• [EXERCISE BRIEF] Could all of the entries be written out exactly, with any pictures omitted?

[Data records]
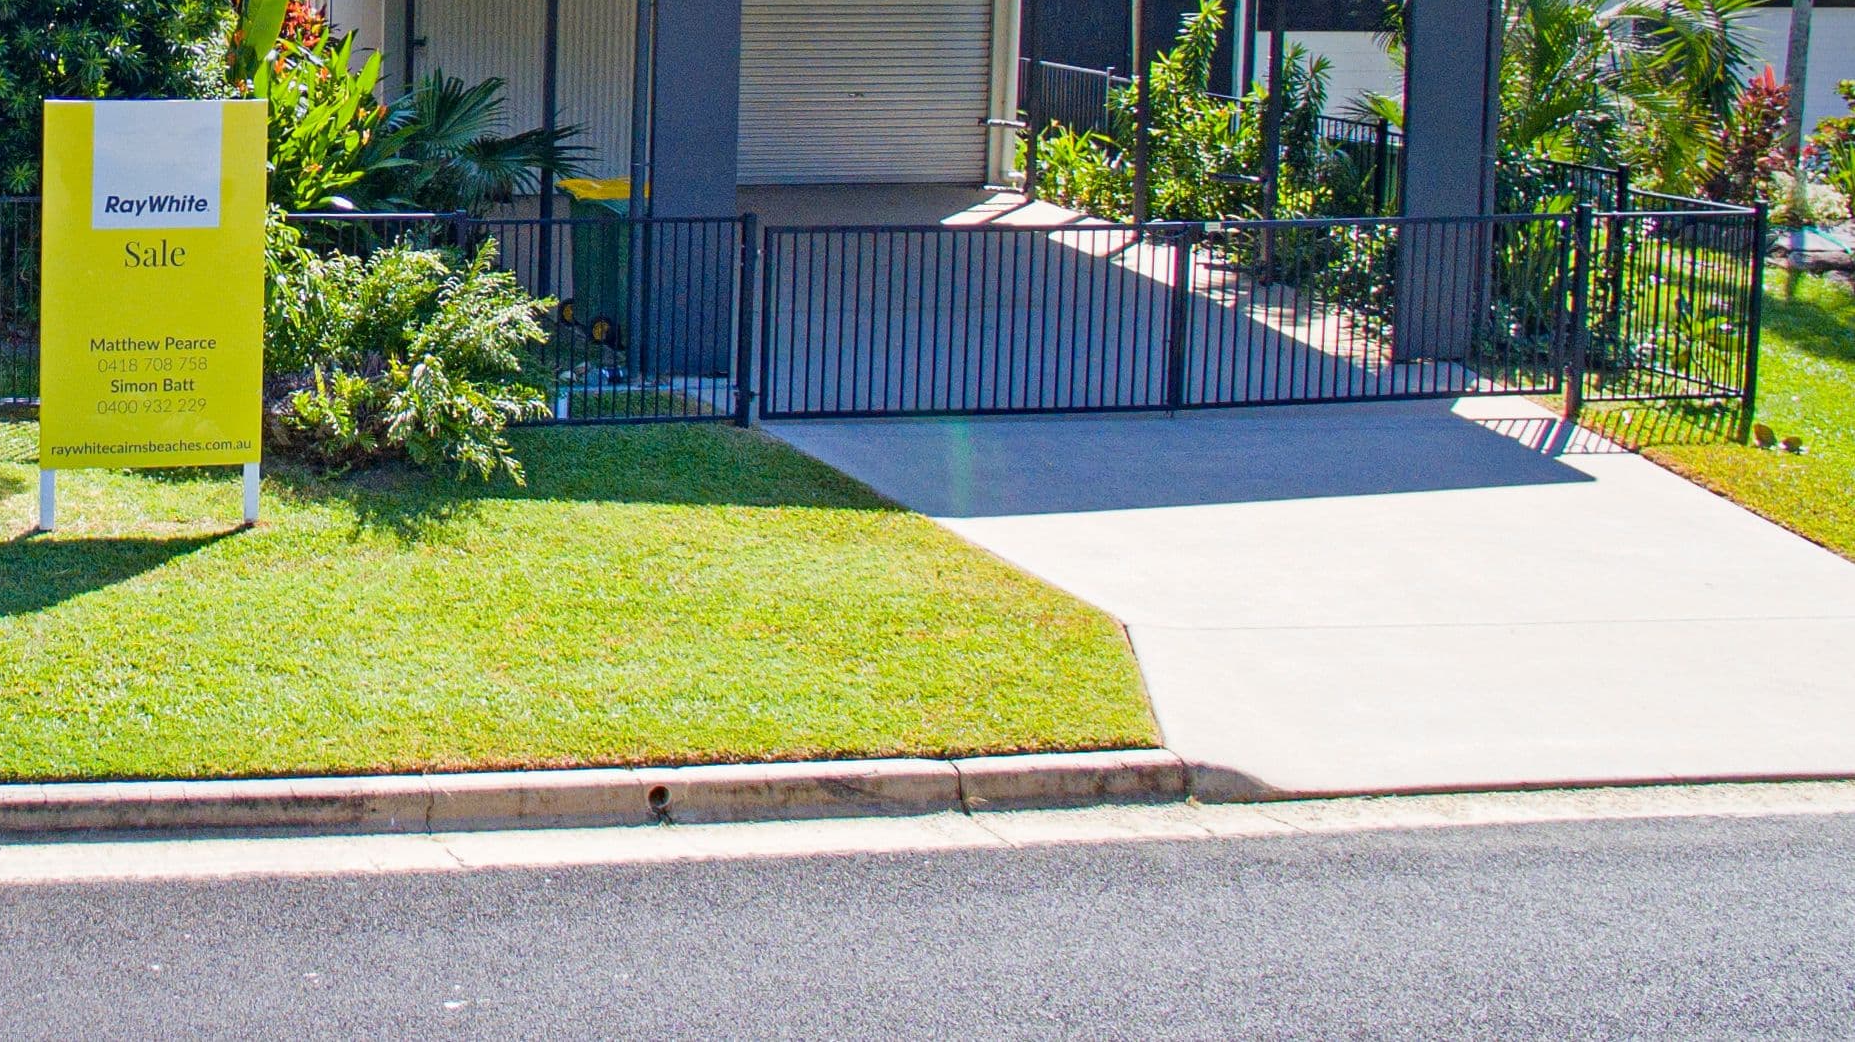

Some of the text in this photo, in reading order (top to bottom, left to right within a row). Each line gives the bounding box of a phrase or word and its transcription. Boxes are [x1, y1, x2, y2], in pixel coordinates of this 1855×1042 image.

[124, 239, 185, 268] Sale
[90, 337, 217, 352] Matthew Pearce
[97, 356, 208, 372] 0418 708 758
[110, 378, 195, 393] Simon Batt
[97, 398, 207, 414] 0400 932 229
[51, 439, 251, 457] raywhitecairnsbeaches.com.au
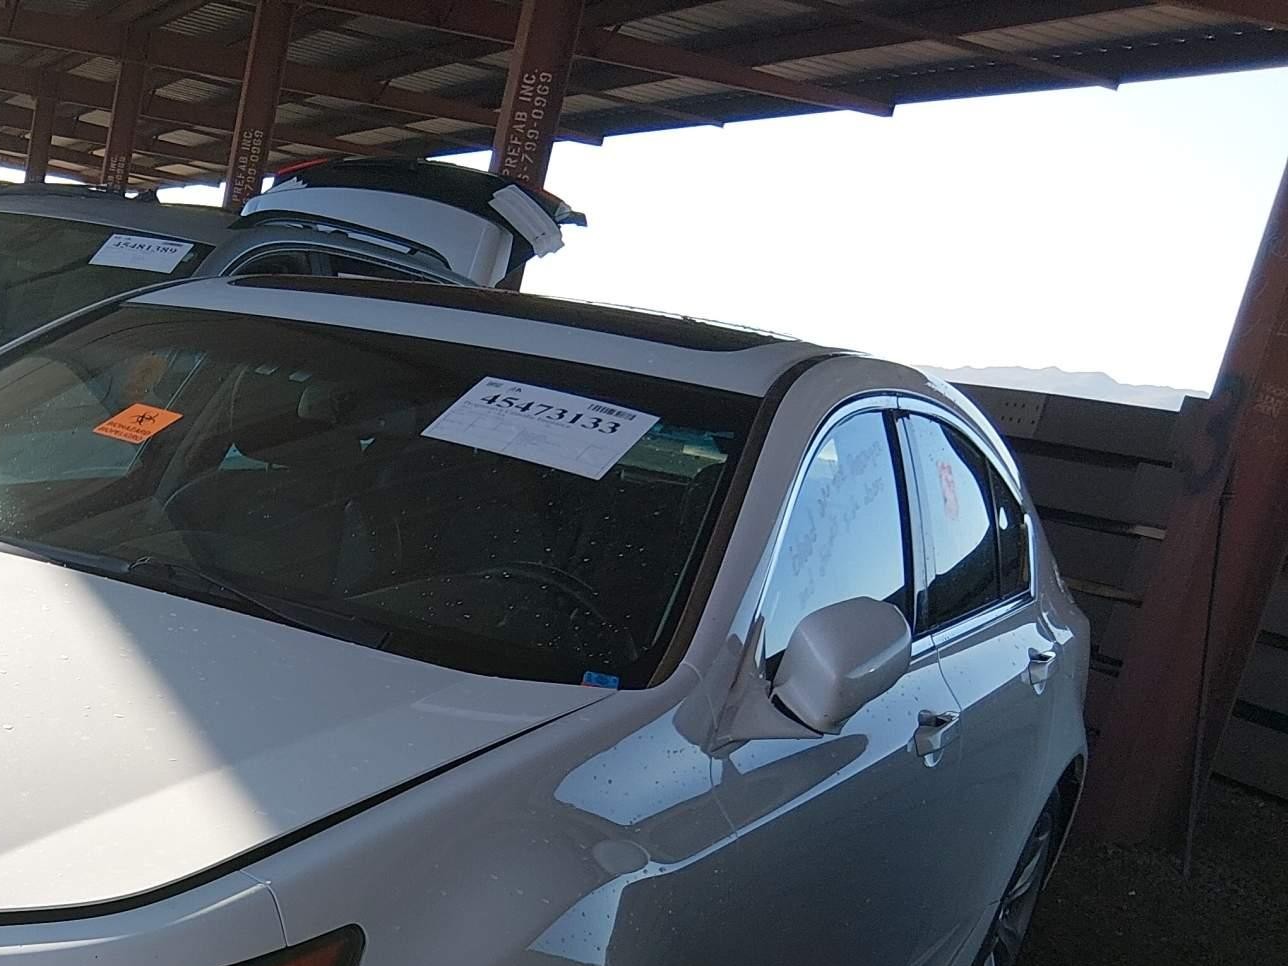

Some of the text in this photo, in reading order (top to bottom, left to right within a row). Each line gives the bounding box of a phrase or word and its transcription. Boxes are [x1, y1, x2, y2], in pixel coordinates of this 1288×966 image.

[502, 68, 539, 176] PREFAB INC.
[232, 156, 249, 203] PREFAB
[479, 393, 622, 435] 45473133

• [SOLUTION TO THIS PROBLEM]
Some of the text in this photo, in reading order (top to bottom, left to right within a row). Each line gives the bounding box of a phrase or word and its transcription. Boxes are [x1, y1, x2, y2], in pixel coordinates of this 1855×1042 image.

[124, 239, 185, 268] Sale
[90, 337, 217, 352] Matthew Pearce
[97, 356, 208, 372] 0418 708 758
[110, 378, 195, 393] Simon Batt
[97, 398, 207, 414] 0400 932 229
[51, 439, 251, 457] raywhitecairnsbeaches.com.au

Some of the text in this photo, in reading order (top to bottom, left to right within a row). Each line gives the bounding box of a phrase or word and its transcription. Boxes are [x1, y1, x2, y2], in pixel coordinates of this 1288×966 image.

[502, 68, 539, 176] PREFAB INC.
[232, 156, 249, 203] PREFAB
[479, 393, 622, 435] 45473133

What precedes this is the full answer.